Monday, January 18, 2010

Saturday Glen decided my Christmas present should instead be a wine-tasting course at Culinary Institute of America. The GrayStone building was built in 1889 as a cooperative winery for Behringer and some of the other locals in Napa. CIA has gutted the interior, put up earthquake reinforcements and is installing state of the art teaching kitchens. One of the stone outbuildings has been retrofitted to have a tasting lab, much like the one I saw in the UC Davis new food building. Each station has a chair, a flat workspace, a recessed light panel, a bitty sink, and a shelf above the table that is tiled with about 18 3" tiles that serve as a grid for, in this case, wine glasses. Very clever. Lots of flat screen monitors and white boards that slide around.

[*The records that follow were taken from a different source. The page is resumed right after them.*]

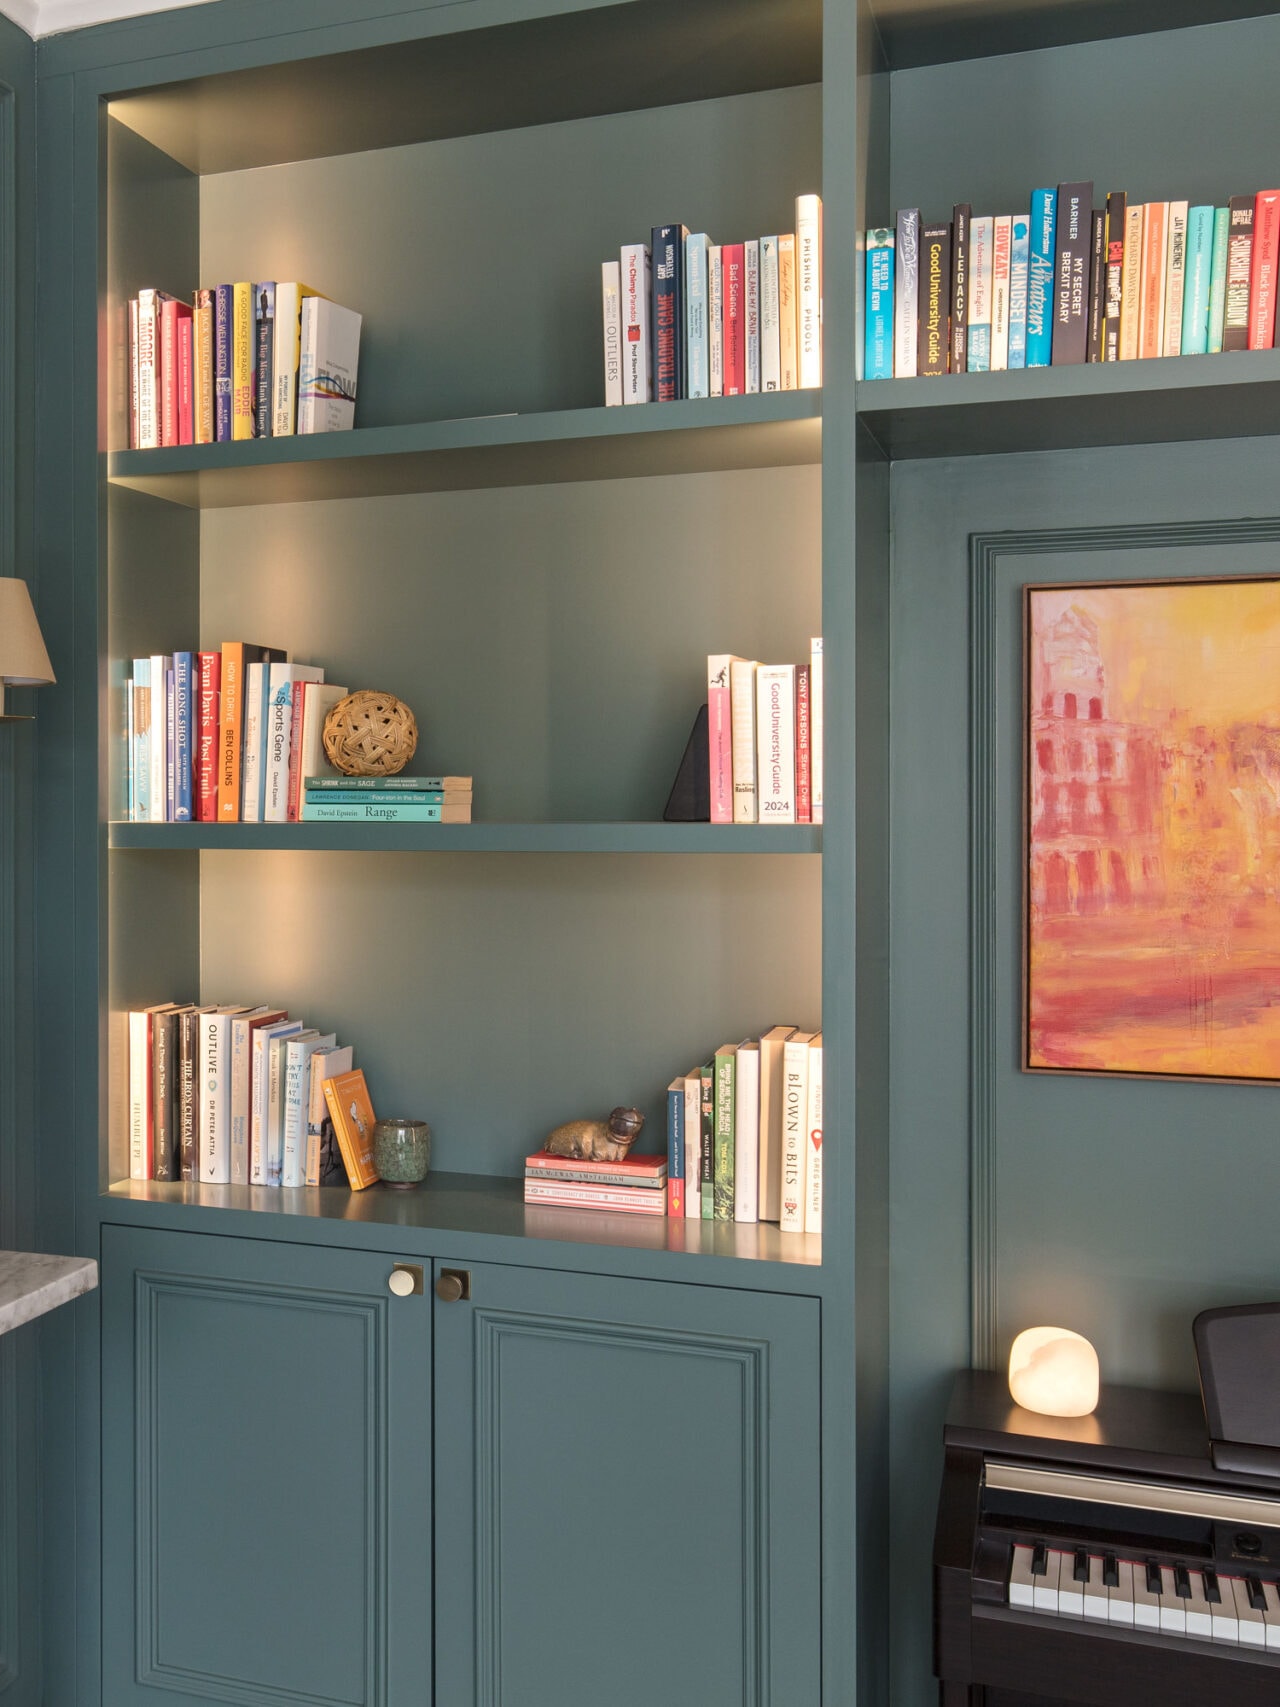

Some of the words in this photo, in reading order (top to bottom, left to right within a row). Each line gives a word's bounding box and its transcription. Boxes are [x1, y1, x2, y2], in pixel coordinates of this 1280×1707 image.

[1043, 194, 1054, 216] David
[1069, 197, 1079, 240] BARNIER
[977, 224, 985, 240] The
[1041, 216, 1053, 255] Halberstam
[1174, 216, 1184, 230] JAY
[1264, 207, 1273, 240] Matthew
[872, 252, 880, 267] TALK
[881, 251, 889, 262] WE
[930, 244, 941, 273] Good
[976, 241, 985, 278] Adventure
[995, 224, 1009, 280] HOWZAT!
[1129, 224, 1138, 266] RICHARD
[1172, 232, 1182, 270] McINERNEY
[1261, 241, 1270, 260] Syed
[658, 264, 666, 280] GARY
[665, 244, 674, 279] STEVENSON
[729, 264, 738, 282] Bad
[803, 238, 811, 292] PHISHING
[881, 263, 889, 281] NEED
[1060, 251, 1071, 290] BREXIT
[1074, 258, 1083, 274] MY
[1229, 239, 1252, 284] SUNSHINE
[628, 268, 637, 294] Chimp
[748, 270, 757, 297] BLAME
[872, 269, 881, 290] ABOUT
[881, 282, 888, 291] TO
[956, 247, 965, 322] LEGACY
[976, 282, 984, 290] of
[1127, 268, 1137, 309] DAWKINS
[1260, 264, 1271, 289] Black
[218, 288, 227, 323] CHRISSIE
[729, 283, 738, 318] Science
[749, 297, 757, 308] MY
[872, 292, 880, 311] KEVIN
[926, 274, 941, 331] University
[974, 290, 983, 318] English
[1009, 263, 1028, 325] MINDSET
[1028, 251, 1051, 336] Amateurs
[1059, 291, 1070, 324] DIARY
[1071, 276, 1082, 316] SECRET
[1226, 289, 1249, 327] SHADOW
[1258, 291, 1269, 308] Box
[630, 295, 638, 323] Paradox
[658, 292, 674, 326] GAME
[748, 311, 757, 335] BRAIN
[260, 326, 268, 342] The
[804, 308, 812, 353] PHOOLS
[1254, 311, 1268, 350] Thinking
[219, 324, 227, 375] WELLINGTON
[259, 345, 268, 358] Big
[606, 326, 617, 382] OUTLIERS
[657, 329, 674, 380] TRADING
[928, 332, 940, 364] Guide
[260, 361, 268, 379] Miss
[300, 354, 314, 402] FLOW
[242, 386, 251, 417] EDDIE
[260, 381, 268, 402] Hank
[658, 382, 674, 403] THE
[258, 405, 267, 431] Haney
[178, 661, 186, 684] THE
[202, 655, 214, 688] Evan
[227, 661, 236, 682] HOW
[799, 671, 807, 699] TONY
[178, 687, 186, 717] LONG
[227, 685, 235, 695] TO
[771, 682, 781, 711] Good
[202, 690, 214, 727] Davis
[226, 697, 235, 723] DRIVE
[274, 696, 286, 732] Sports
[178, 719, 187, 749] SHOT
[225, 729, 234, 748] BEN
[770, 711, 782, 764] University
[800, 702, 808, 749] PARSONS
[201, 736, 213, 761] Post
[274, 734, 284, 762] Gene
[201, 763, 211, 799] Truth
[224, 750, 233, 786] COLLINS
[772, 765, 782, 795] Guide
[800, 754, 808, 786] Starting
[317, 809, 335, 817] David
[336, 809, 358, 819] Epstein
[365, 806, 398, 820] Range
[764, 801, 790, 811] 2024
[208, 1024, 217, 1074] OUTLIVE
[184, 1059, 192, 1078] THE
[184, 1080, 192, 1104] IRON
[209, 1100, 215, 1110] DR
[724, 1086, 731, 1097] ME
[184, 1105, 192, 1147] CURTAIN
[578, 1172, 624, 1182] AMSTERDAM

I kind of know the vocabulary of tasting wine, but have never been very organized about it except to read tasting notes at whatever winery I was visiting. Turns out there IS an organized way to do this and it is called the wine aroma wheel. This very useful concept will probably help me a lot in the future. http://www.winearomawheel.com/

It was supposed to be a 2 hour course, but in this case, ran 3 hours, which of course no one complained about. We started with a single wine, and looked, smelled, described, and then tasted and described. I realized if my wine were in a black cup, I could not tell by smell alone what color, much less, what grape I had. Smelling is hard! Then after the break we had 4 pairs of wines to compare. We thought about old world (Europe) vs new world (anywhere else) origin, a single grape fermented in very different styles, two different grapes fermented in the same style, dry or not dry, oaked or not oaked, and terroir. The pairs were carefully selected to point out one or two such characteristics. We both learned a lot, but I can tell you by the end of the day, when we stopped at Franciscan Brothers, where we have a membership, I couldn't tell anything apart any more. So, along with not growing up to be President, I guess I won't grow up to be a sommelier either.